DAY1 (arrive in Kunming) — fly to Kunming (3 hours) — find the "Wind, Flowers, Snow, and Moon" tour group at the airport (30 minutes) — wait for everyone to gather (20 minutes), then depart for Mohuashangkai Hotel. It was pouring rain at takeoff, and a song came to mind, 'Rainy day, in front of the window, I see, before my eyes.' As the plane rose, pink mist spread around, the sky was a dark pink-black, only a glimmer of light from the wing flickering. Turbulence, dizziness, panic, and tinnitus came again. Drowsily, I saw red, white, and gray flashing in sequence outside the window, as if inside a huge projection room, with a gloomy atmosphere. When it calmed down again, I happened to hear the plane broadcast — 'Wish you a pleasant journey~ Wish you have a good night~' Yunnan's fireworks clustered like strongholds, gathered in small groups. Passing a small town, then wiped out by dark clouds, like a scene from a dream. Greeted by African daisies, the Spring City journey began.

DAY2 (Kunming & Naigu Stone Forest & Dianchi Dam & Chuxiong)

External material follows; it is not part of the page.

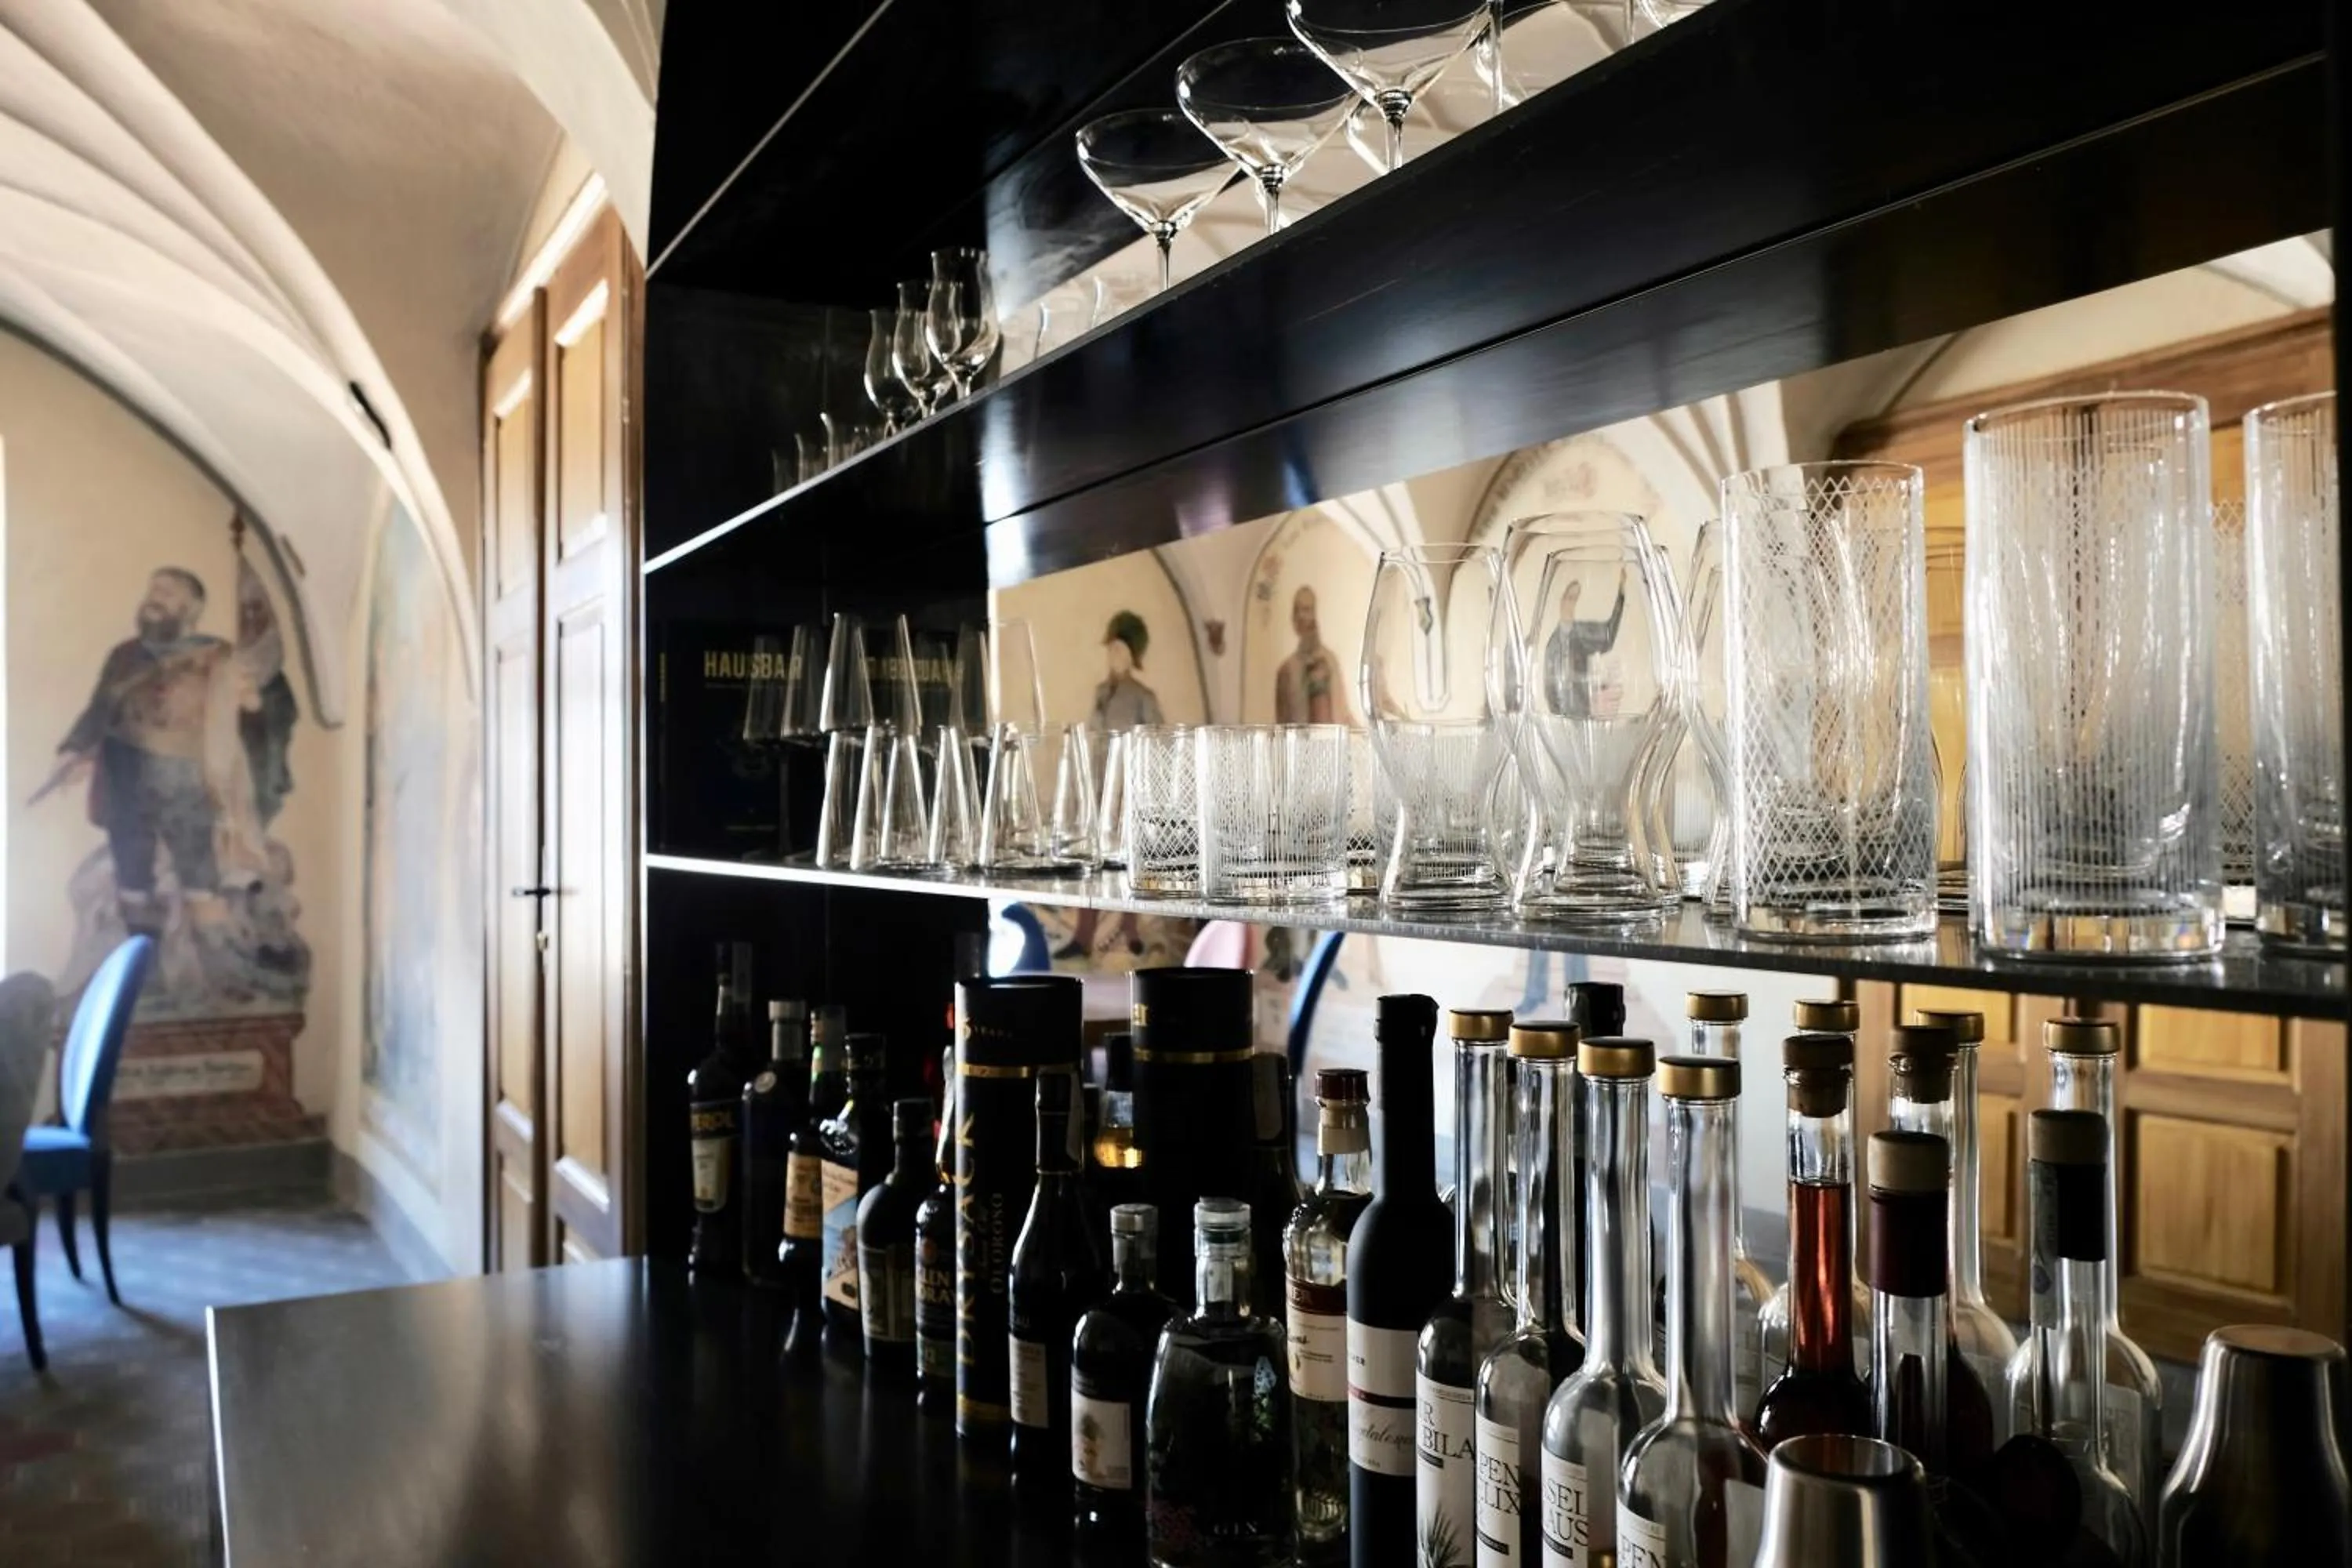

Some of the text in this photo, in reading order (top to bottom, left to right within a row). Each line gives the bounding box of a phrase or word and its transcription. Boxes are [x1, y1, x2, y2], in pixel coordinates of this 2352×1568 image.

[704, 650, 803, 681] HAUSBAR
[988, 1191, 1006, 1295] OLOROSO
[1213, 1520, 1259, 1535] GIN

Depart at 8 am — from Mohuashangkai Hotel to Naigu Stone Forest (1 hour 30 minutes) — visit the Stone Forest (2 hours) — from the Stone Forest to Yiwei Wujiong Restaurant (45 minutes) — from the restaurant to Dianchi Dam (1 hour 15 minutes) — take photos at the dam (1 hour) — from the dam to Chuwei Yixiang Restaurant (3 hours 20 minutes), taste Chuxiong mushroom hotpot — from the restaurant to Gray Times Hotel in Chuxiong (40 minutes).

First stop is the Stone Forest, home to the Yi people. Yi women are called Ashima, meaning as happy and beautiful as gold, while men have many names; only the hardworking, kind, and brave are called Ahei Ge. The entrance to Naigu Stone Forest is a vast field of rapeseed flowers, behind which are scattered pink crabapple trees, surrounded by layers of stone forest. Passing through 'The Sea Runs Dry and the Rocks Crumble' and 'The Door of Wishes,' we saw Little Flying Elephant and seagulls. This stone forest is so shaped it sparks the imagination. Passing a grove of flowering trees, pink petals flew like cherry blossoms falling in 'Five Centimeters per Second.' At Dianchi Dam, we traded bread for a seagull's glance. Tear off a small piece of bread, gently pinch the bottom, and the seagulls come. But these seagulls are clever; if you toss small pieces into the air, they often catch them. I saw a particularly sneaky seagull that directly snatched a half slice of bread and flew off... The guide asked if we were flying away with the seagulls... Truly, photos distract people, and the stragglers oddly felt a bond of mutual sympathy.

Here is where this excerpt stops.